**RECORD SET:**
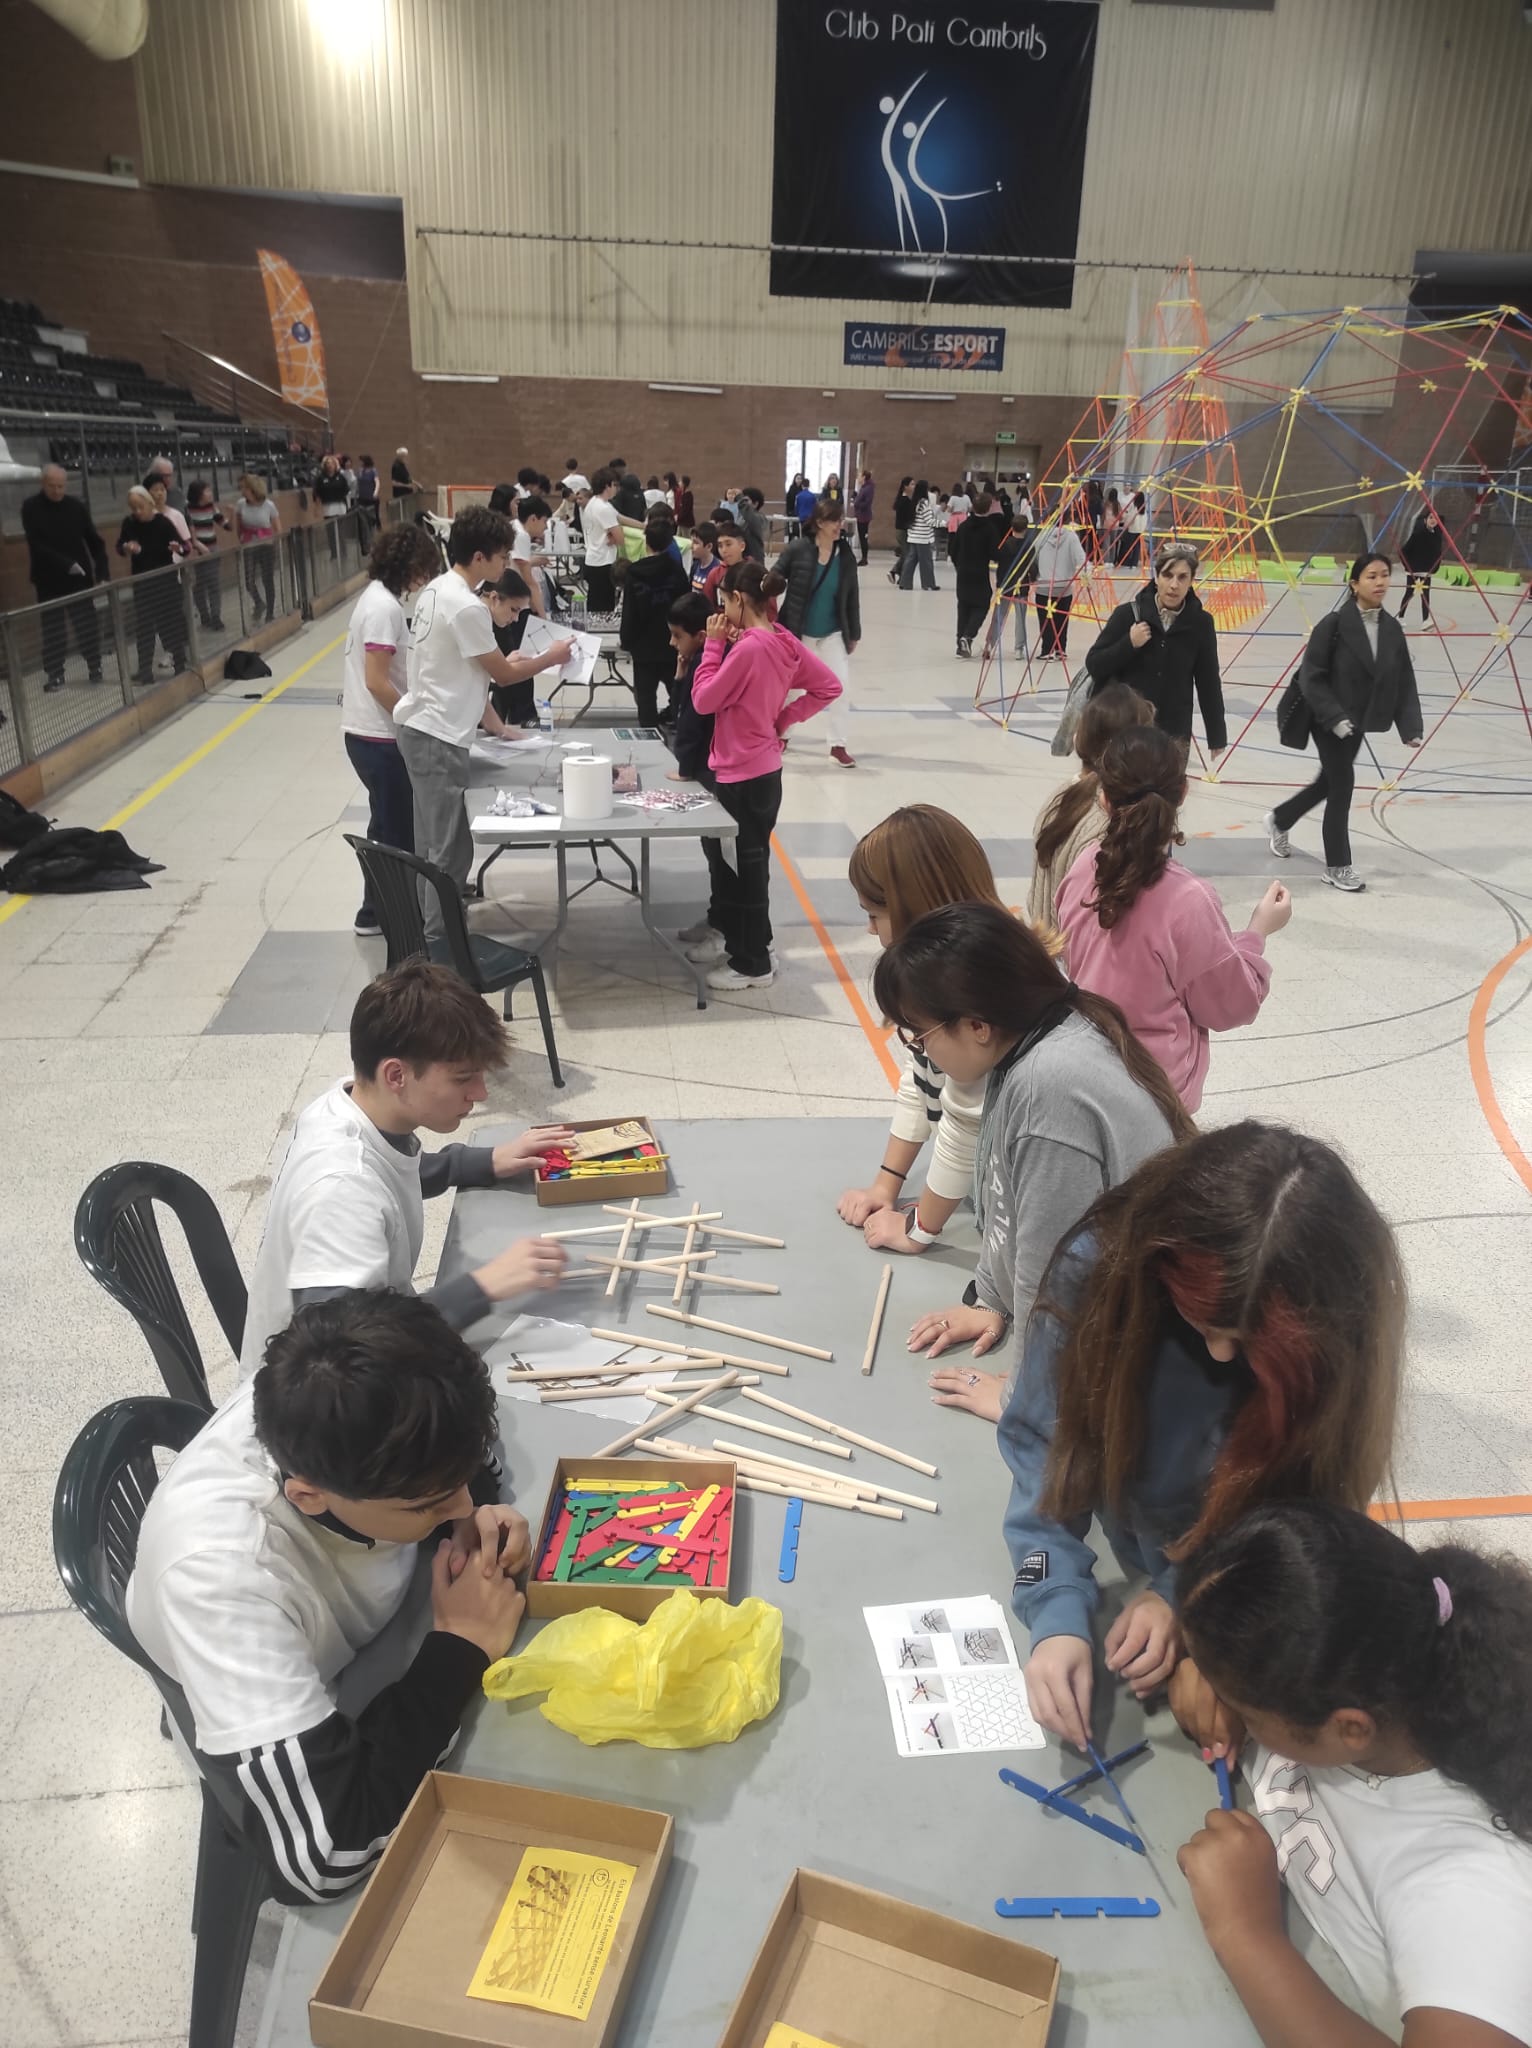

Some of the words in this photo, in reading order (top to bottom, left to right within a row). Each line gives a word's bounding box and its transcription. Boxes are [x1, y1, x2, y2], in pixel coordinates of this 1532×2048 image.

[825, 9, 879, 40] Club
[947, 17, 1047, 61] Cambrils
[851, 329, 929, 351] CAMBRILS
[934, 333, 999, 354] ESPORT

**YOUR ASSIGNMENT:**
Every entry, exactly as written: transcribe it, passing over any pictures.

**WRITTEN ANSWER:**
Some of the words in this photo, in reading order (top to bottom, left to right within a row). Each line gives a word's bounding box and its transcription. Boxes are [x1, y1, x2, y2], in pixel coordinates of this 1532×2048 image.

[825, 9, 879, 40] Club
[947, 17, 1047, 61] Cambrils
[851, 329, 929, 351] CAMBRILS
[934, 333, 999, 354] ESPORT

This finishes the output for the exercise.